Kneib Thomas, Hothorn Torsten, Tutz Gerhard
Institut für Statistik, Ludwig-Maximilians-Universität München, München, Germany.
Biometrics. 2009 Jun;65(2):626-34. doi: 10.1111/j.1541-0420.2008.01112.x.
Model choice and variable selection are issues of major concern in practical regression analyses, arising in many biometric applications such as habitat suitability analyses, where the aim is to identify the influence of potentially many environmental conditions on certain species.
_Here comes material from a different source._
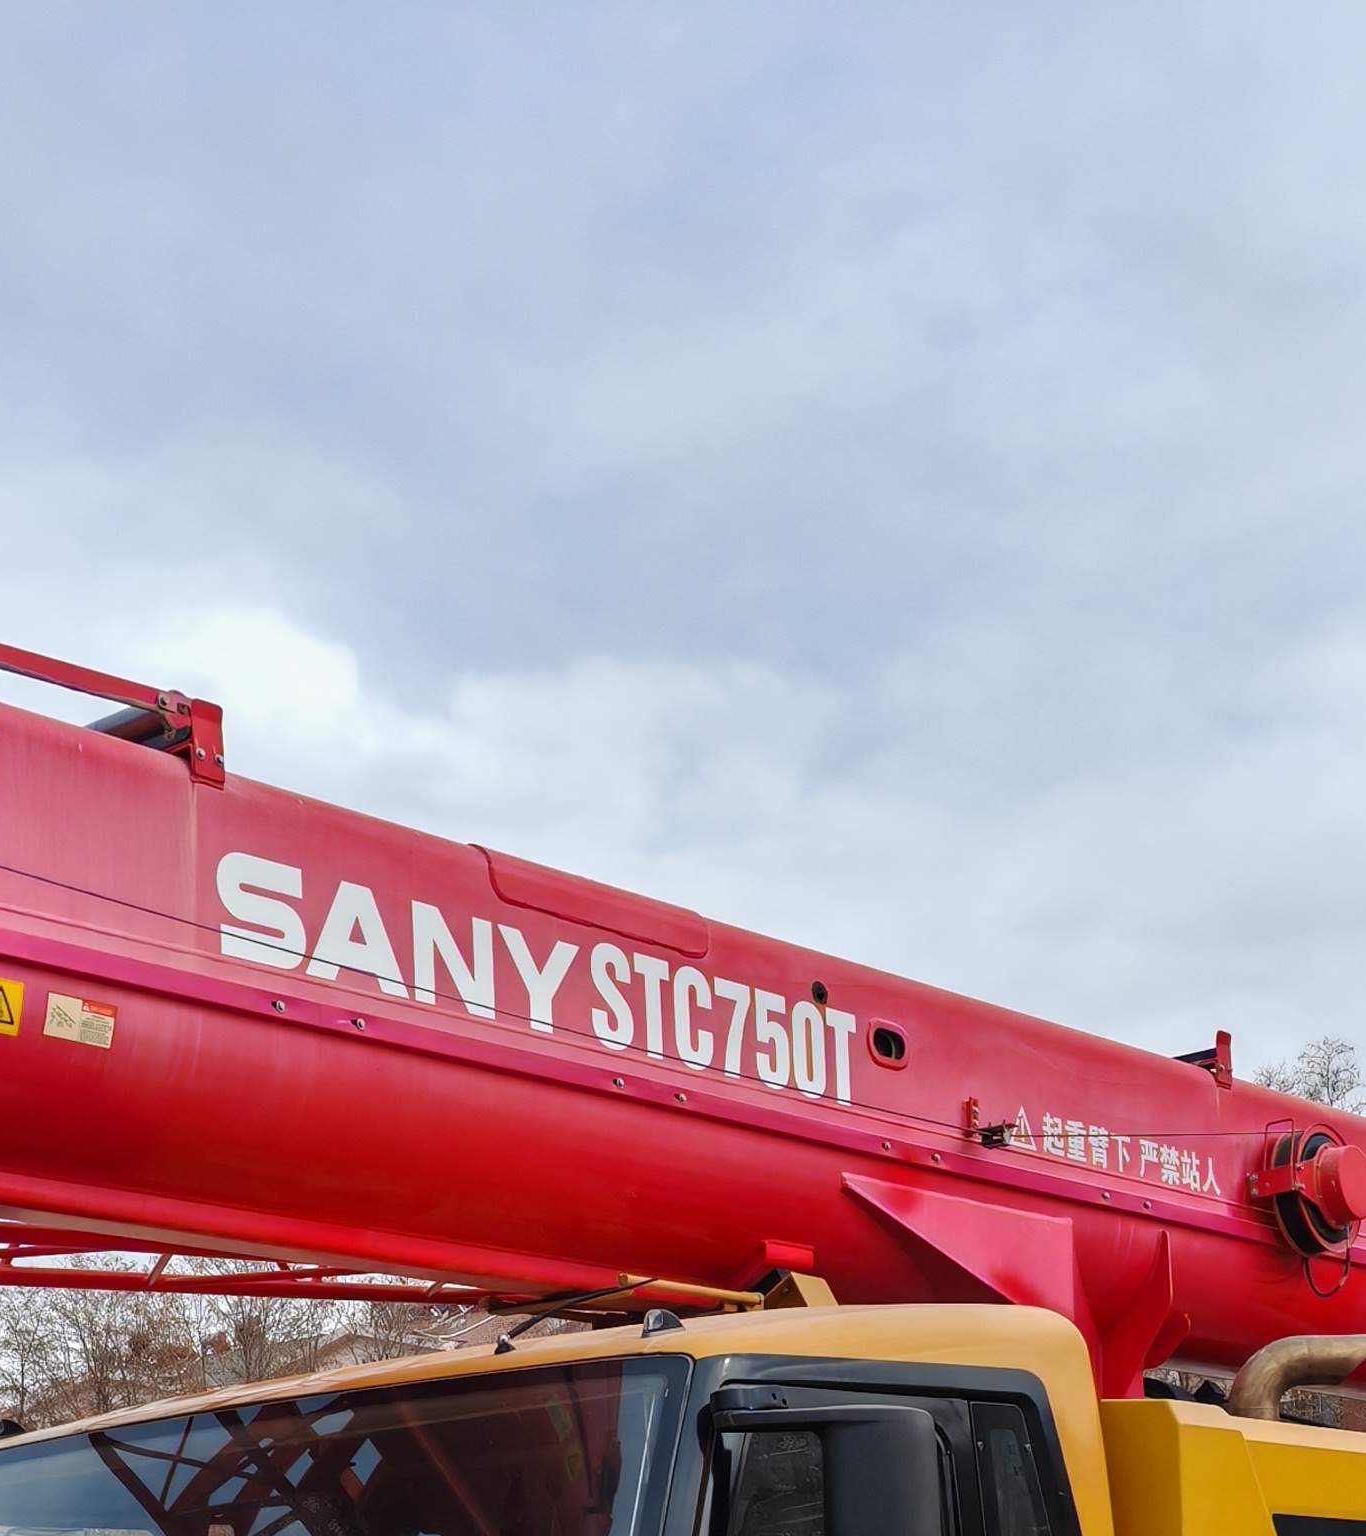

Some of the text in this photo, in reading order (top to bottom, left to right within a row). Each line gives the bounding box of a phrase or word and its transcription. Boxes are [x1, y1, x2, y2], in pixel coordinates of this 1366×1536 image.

We describe regression models for breeding bird communities that facilitate both model choice and variable selection, by a boosting algorithm that works within a class of geoadditive regression models comprising spatial effects, nonparametric effects of continuous covariates, interaction surfaces, and varying coefficients. The major modeling components are penalized splines and their bivariate tensor product extensions. All smooth model terms are represented as the sum of a parametric component and a smooth component with one degree of freedom to obtain a fair comparison between the model terms. A generic representation of the geoadditive model allows us to devise a general boosting algorithm that automatically performs model choice and variable selection.
模型选择和变量选择是实际回归分析中主要关注的问题,在许多生物统计应用中都会出现,比如栖息地适宜性分析,其目的是确定潜在的多种环境条件对特定物种的影响。我们描述了用于繁殖鸟类群落的回归模型,该模型通过一种在包含空间效应、连续协变量的非参数效应、交互曲面和可变系数的地理加性回归模型类中起作用的提升算法,来促进模型选择和变量选择。主要的建模组件是惩罚样条及其双变量张量积扩展。所有平滑模型项都表示为一个参数分量和一个具有一个自由度的平滑分量之和,以便在模型项之间进行公平比较。地理加性模型的通用表示使我们能够设计一种自动执行模型选择和变量选择的通用提升算法。